+++ The records

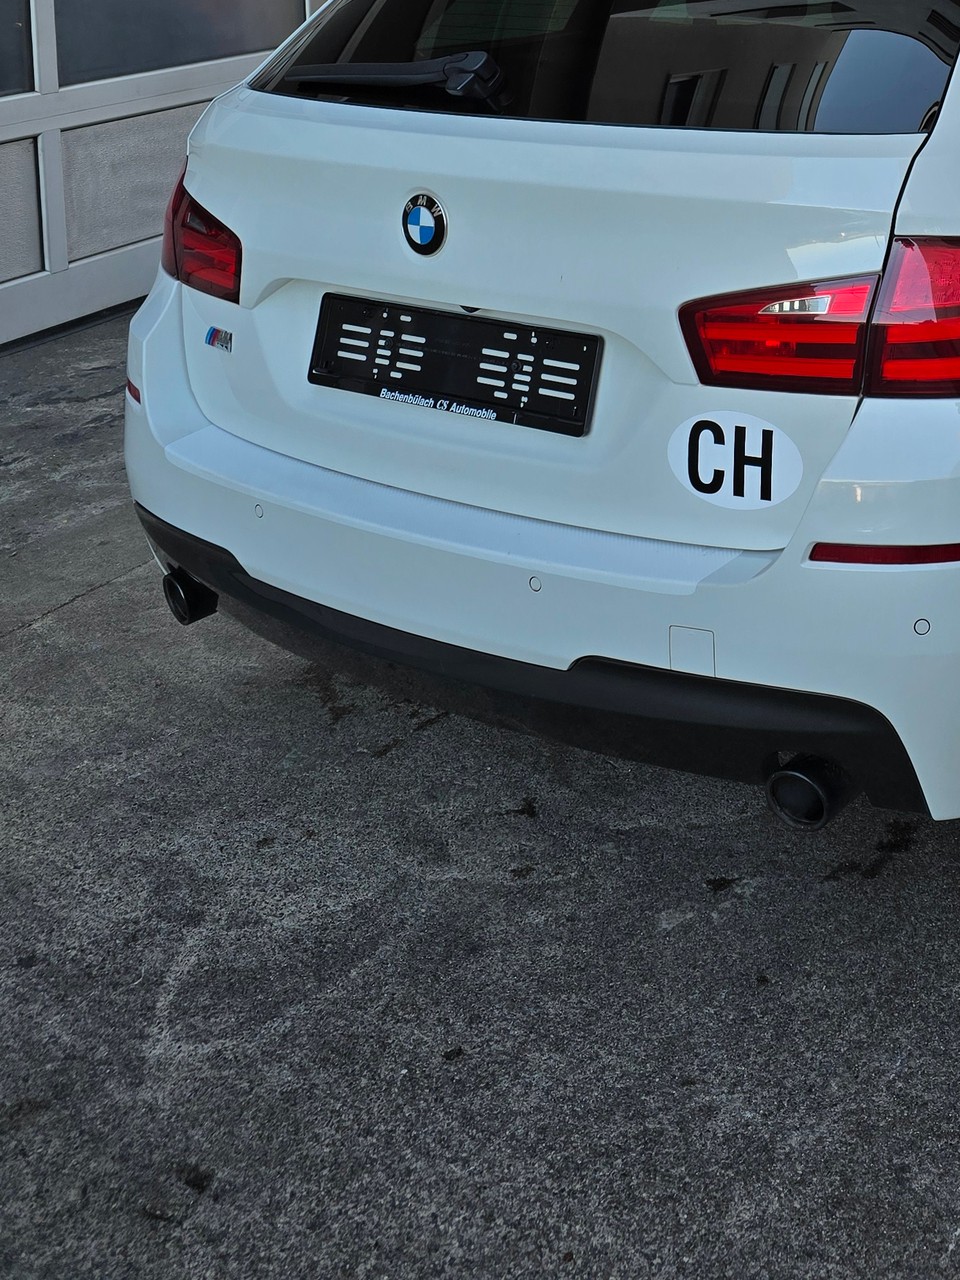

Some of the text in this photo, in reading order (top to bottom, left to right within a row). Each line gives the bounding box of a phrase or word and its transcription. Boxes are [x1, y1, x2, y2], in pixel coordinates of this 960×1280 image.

[405, 195, 442, 217] BMW
[380, 388, 497, 420] Bachenbülach CS Automobile
[688, 420, 773, 501] CH
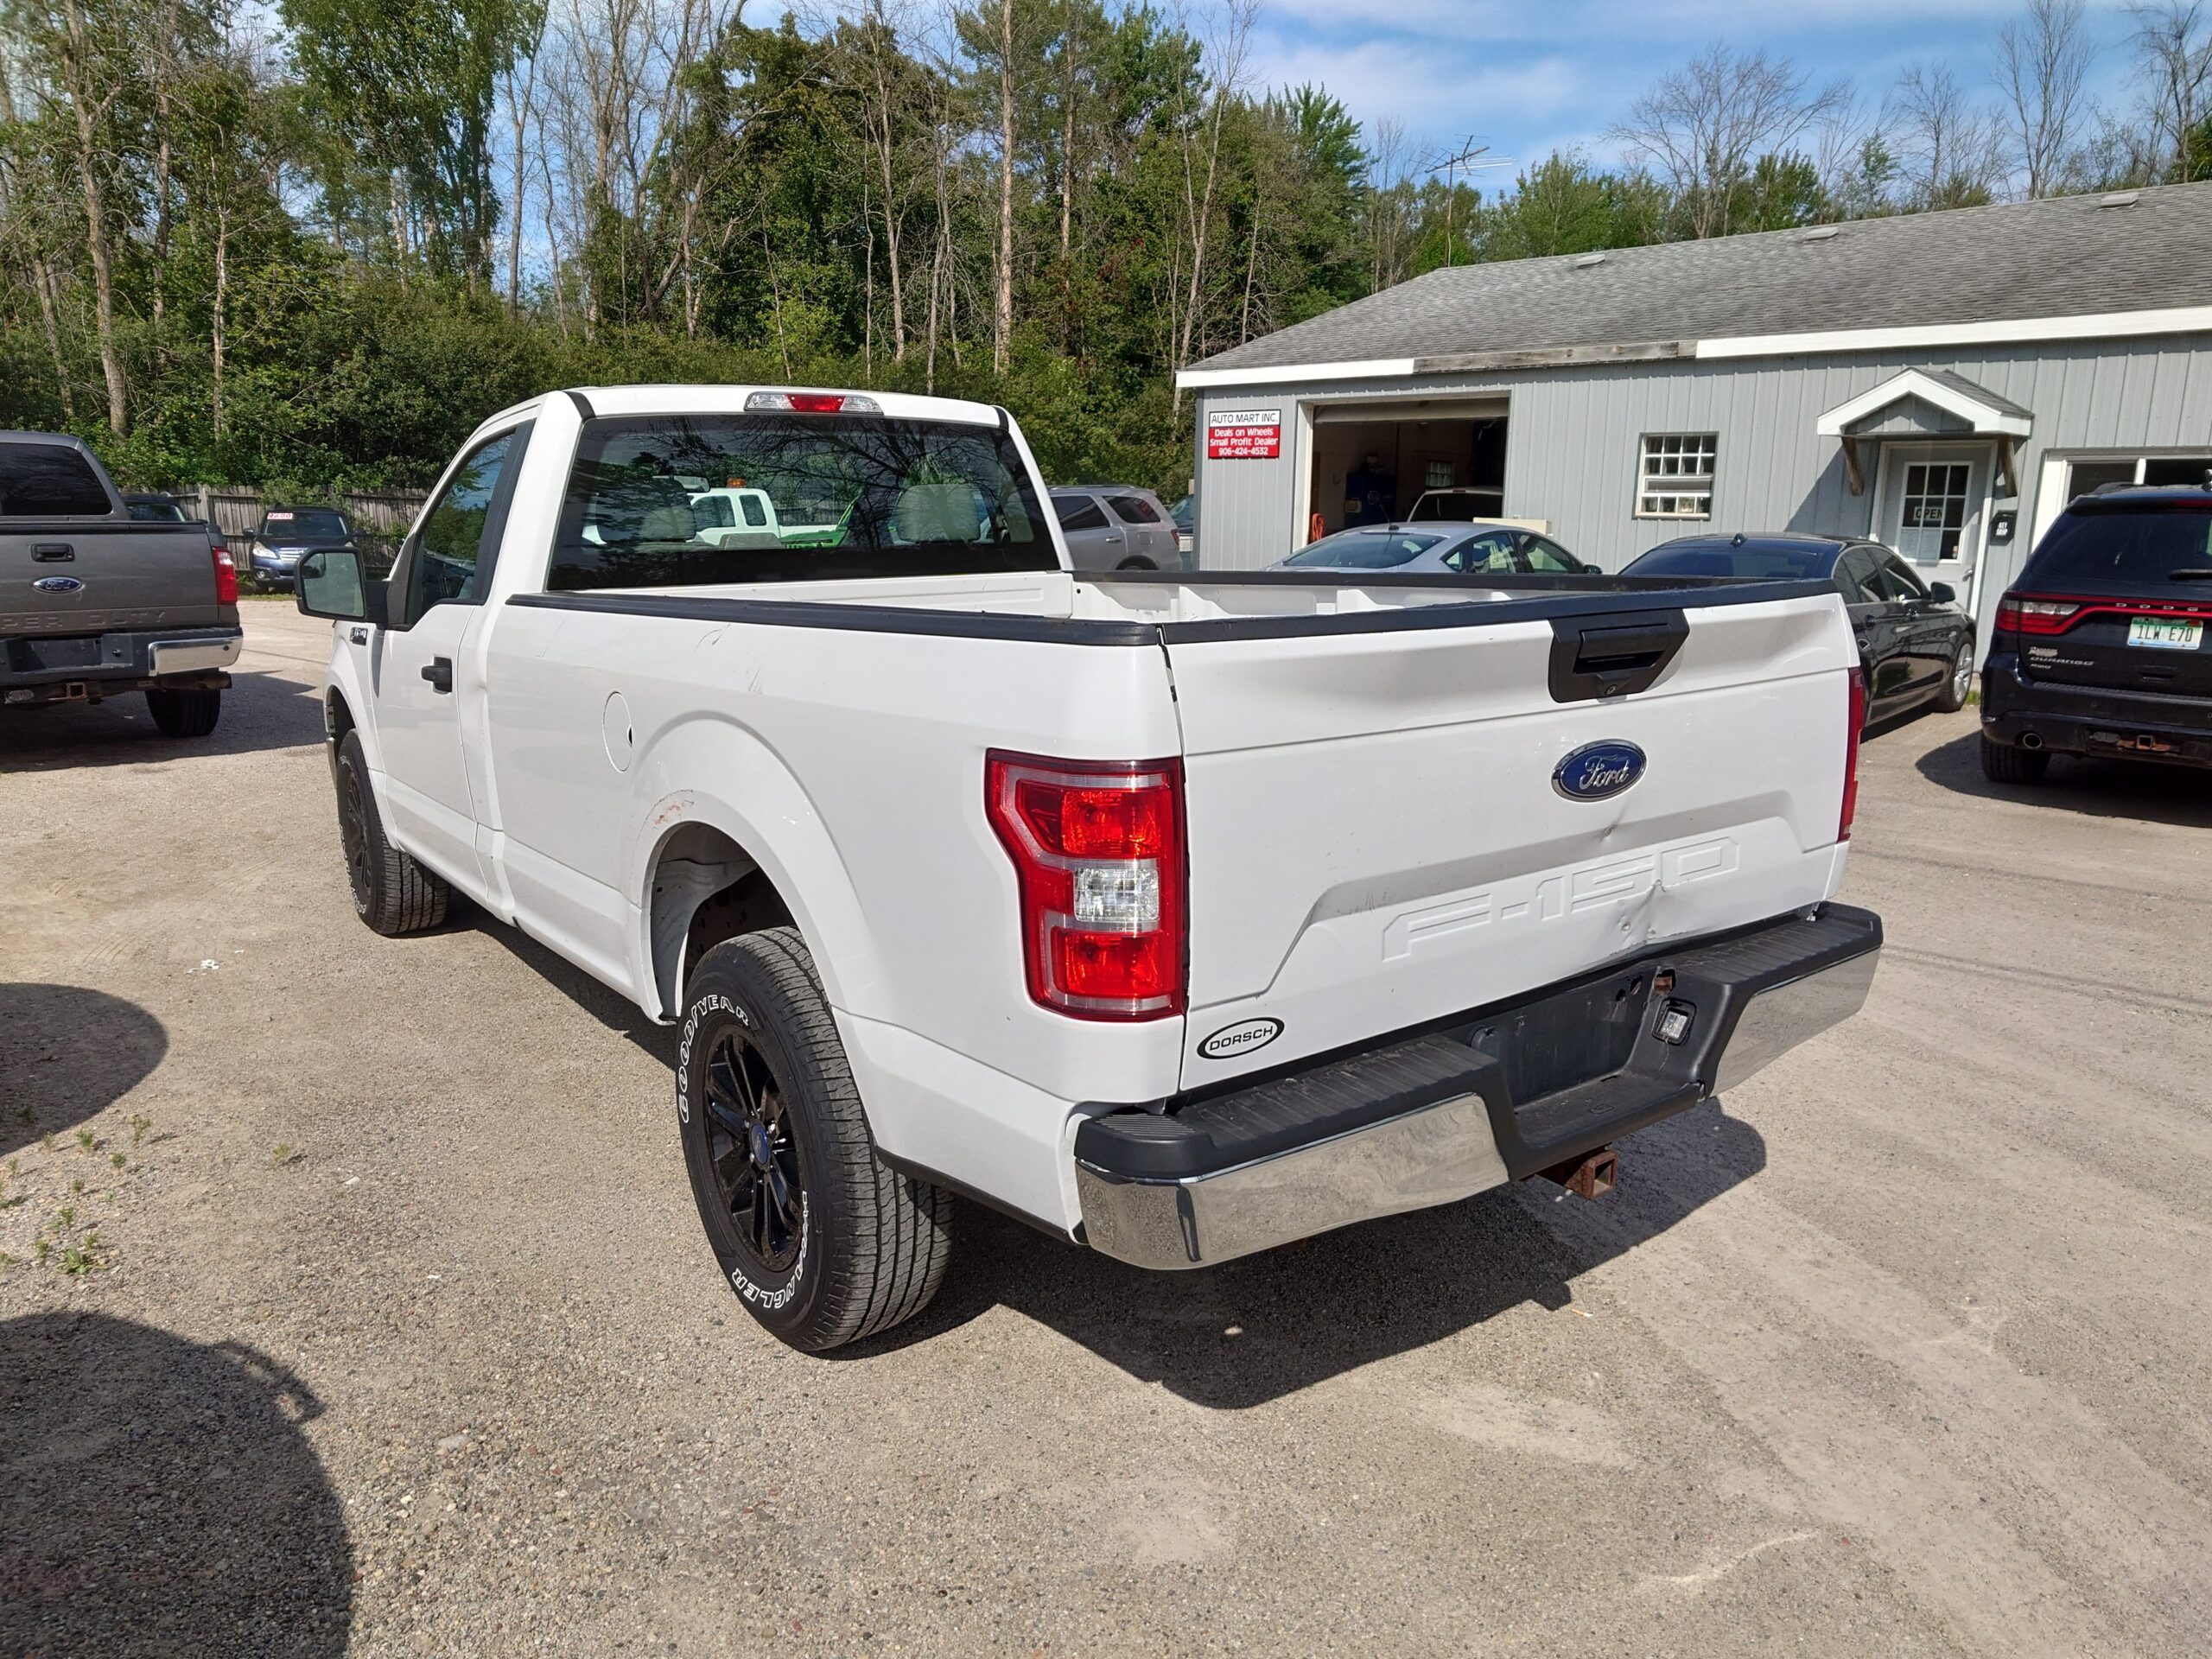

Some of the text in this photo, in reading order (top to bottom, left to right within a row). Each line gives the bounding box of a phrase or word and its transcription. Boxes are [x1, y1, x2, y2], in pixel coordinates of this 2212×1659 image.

[1211, 413, 1278, 423] AUTO MART INC.
[1247, 427, 1274, 435] Wheels
[1218, 447, 1268, 455] 906-424-4532
[1916, 508, 1943, 518] OPEN
[2116, 602, 2212, 613] DODG
[2031, 657, 2094, 665] DURANGO
[1579, 754, 1630, 790] Ford
[1382, 836, 1739, 962] F-150
[1210, 1026, 1274, 1051] DORSCH
[678, 994, 749, 1123] GOODYEAR
[731, 1191, 809, 1308] WRANGLER
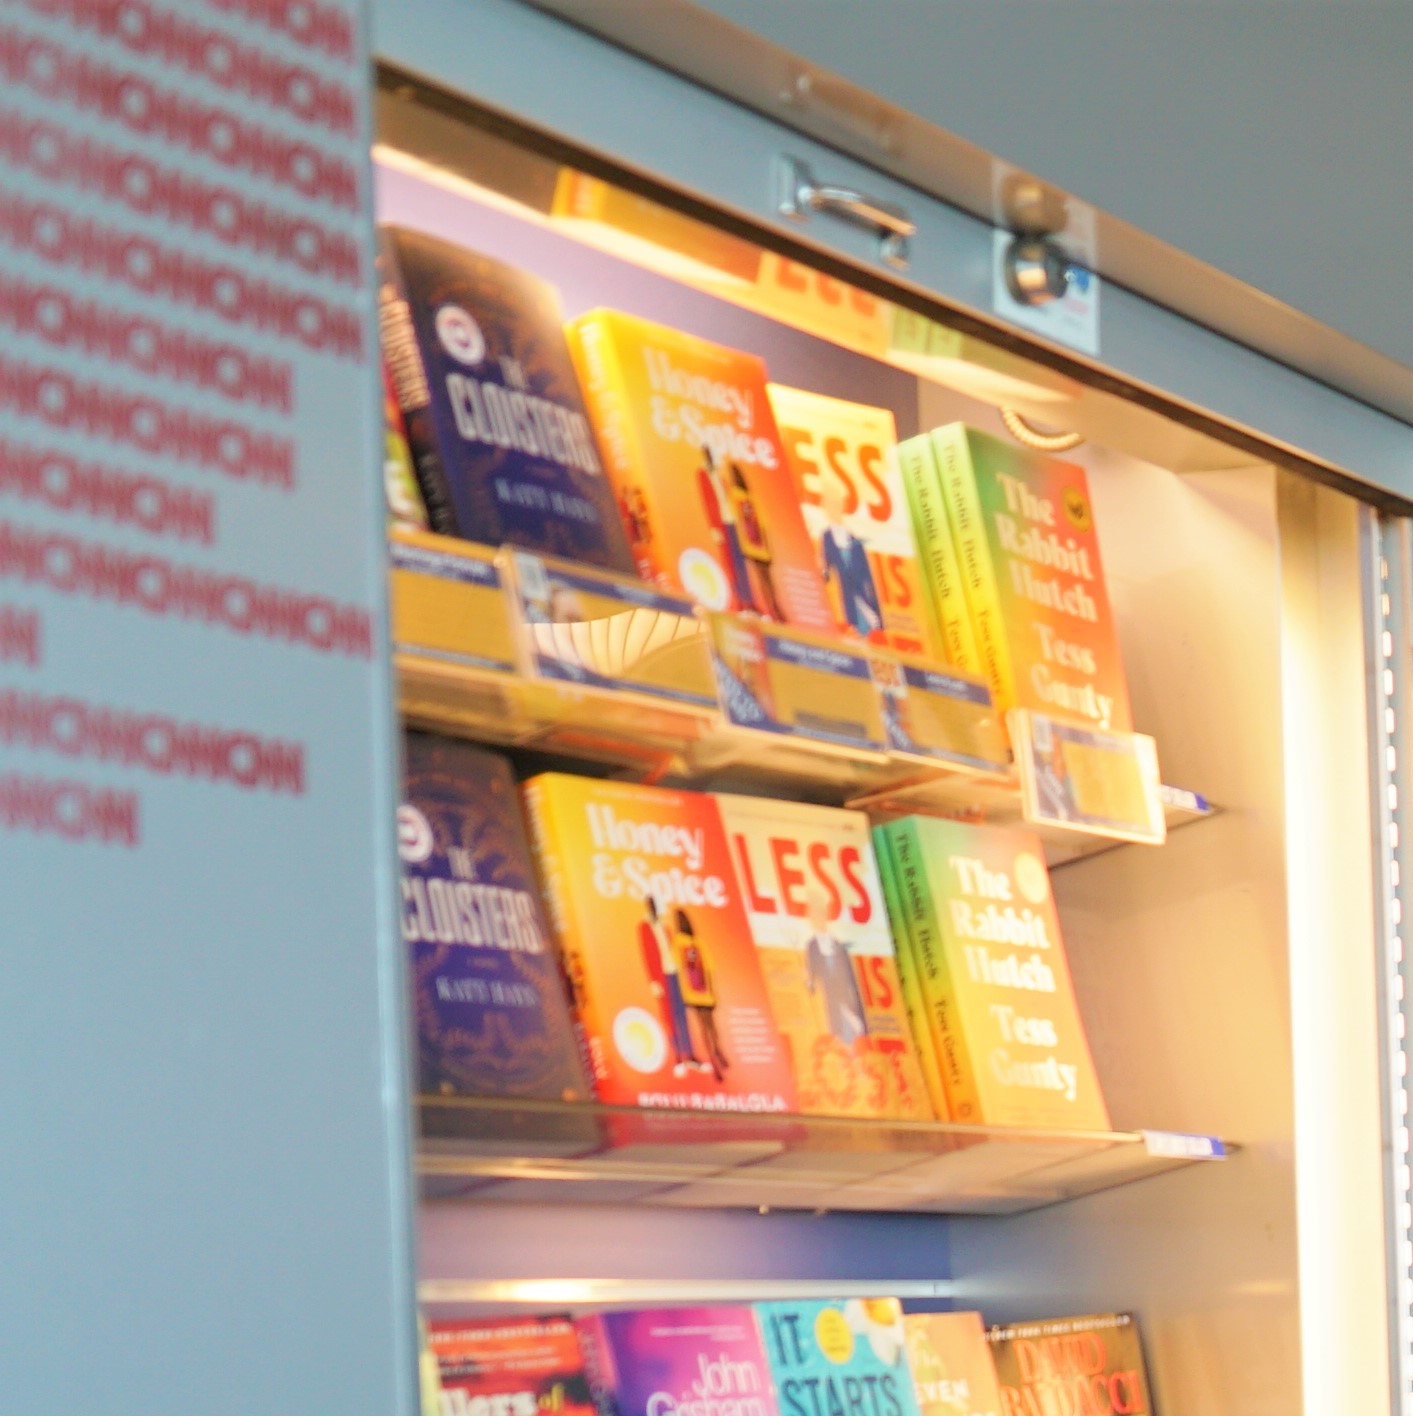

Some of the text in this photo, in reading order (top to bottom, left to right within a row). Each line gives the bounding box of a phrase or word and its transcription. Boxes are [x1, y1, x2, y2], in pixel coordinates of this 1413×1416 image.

++++++

▶ _About this task_:
Would you give the entries above again verbatim, omitting the images they contain?

▶ _Exercise output_:
Some of the text in this photo, in reading order (top to bottom, left to right within a row). Each line gives the bounding box of a phrase or word and its transcription. Boxes are [x1, y1, x2, y2], in pixel coordinates of this 960×1280 image.

[405, 195, 442, 217] BMW
[380, 388, 497, 420] Bachenbülach CS Automobile
[688, 420, 773, 501] CH

Some of the text in this photo, in reading order (top to bottom, left to right within a row). Each line gives the bounding box of a phrase or word and its transcription. Boxes are [x1, y1, x2, y2], in pixel coordinates of this 2212×1659 image.

[1211, 413, 1278, 423] AUTO MART INC.
[1247, 427, 1274, 435] Wheels
[1218, 447, 1268, 455] 906-424-4532
[1916, 508, 1943, 518] OPEN
[2116, 602, 2212, 613] DODG
[2031, 657, 2094, 665] DURANGO
[1579, 754, 1630, 790] Ford
[1382, 836, 1739, 962] F-150
[1210, 1026, 1274, 1051] DORSCH
[678, 994, 749, 1123] GOODYEAR
[731, 1191, 809, 1308] WRANGLER

Some of the text in this photo, in reading order (top to bottom, left to right within a row). Each line gives the bounding box of a phrase or word and its transcription. Boxes are [x1, y1, x2, y2], in pixel coordinates of this 1413×1416 image.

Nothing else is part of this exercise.